Absence of Epithelial Immunoglobulin a Transport, with Increased Mucosal Leakiness, in Polymeric Immunoglobulin Receptor/Secretory Component–Deficient Mice

Finn-Eirik Johansena, Marcela Peknab, Inger Natvig Norderhauga, Bjørn Hanebergc, Max Albert Hietalab, Peter Krajcia, Christer Betsholtzb, and Per Brandtzaega

a Laboratory of Immunohistochemistry and Immunopathology, Institute of Pathology, University of Oslo, Rikshospitalet, N-0027 Oslo, Norway
b Department of Medical Biochemistry, University of Göteborg, SE-405 30 Göteborg, Sweden
c Department of Vaccinology, National Institute of Public Health, N-0462 Oslo, Norway
Institute of Pathology, University of Oslo, Rikshospitalet, N-0027 Norway.47-2211-226147-2286-8607

f.e.johansen{at}labmed.uio.no

Mucosal surfaces are protected specifically by secretory immunoglobulin A (SIgA) and SIgM generated through external translocation of locally produced dimeric IgA and pentameric IgM. Their active transport is mediated by the epithelial polymeric Ig receptor (pIgR), also called the transmembrane secretory component.

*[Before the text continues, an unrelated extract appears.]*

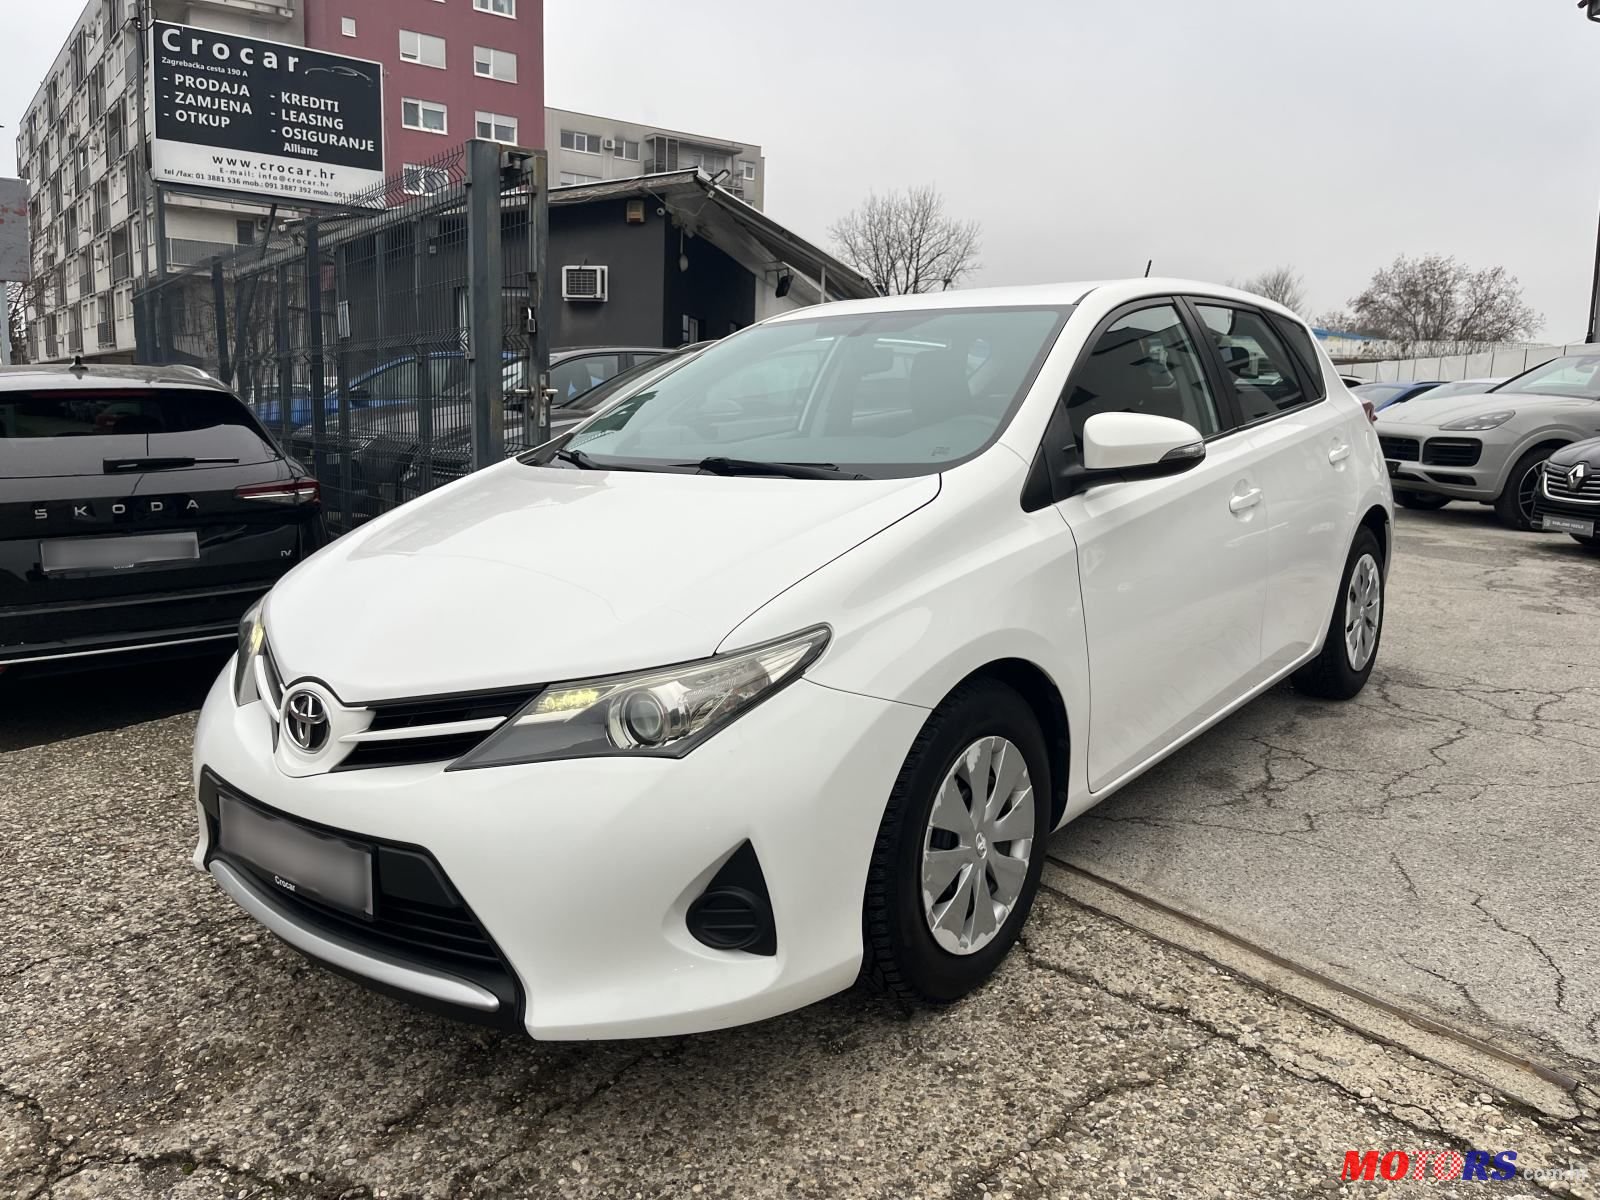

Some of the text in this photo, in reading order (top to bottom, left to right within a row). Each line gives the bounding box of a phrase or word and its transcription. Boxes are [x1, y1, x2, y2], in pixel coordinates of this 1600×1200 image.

Paracellular passive external transfer of systemic and locally produced antibodies also provides mucosal protection, making the biological importance of secretory immunity difficult to assess. Here we report complete lack of active external IgA and IgM translocation in pIgR knockout mice, indicating no redundancy in epithelial transport mechanisms. The knockout mice were of normal size and fertility but had increased serum IgG levels, including antibodies to Escherichia coli, suggesting undue triggering of systemic immunity. Deterioration of their epithelial barrier function in the absence of SIgA (and SIgM) was further attested to by elevated levels of albumin in their saliva and feces, reflecting leakage of serum proteins. Thus, SIgA did not appear to be essential for health under the antigen exposure conditions of these experimental animals. Nevertheless, our results showed that SIgA contributes to maintenance of mucosal homeostasis. Production of SIgA might therefore be a variable in the initiation of human immunopathology such as inflammatory bowel disease or gluten-sensitive enteropathy.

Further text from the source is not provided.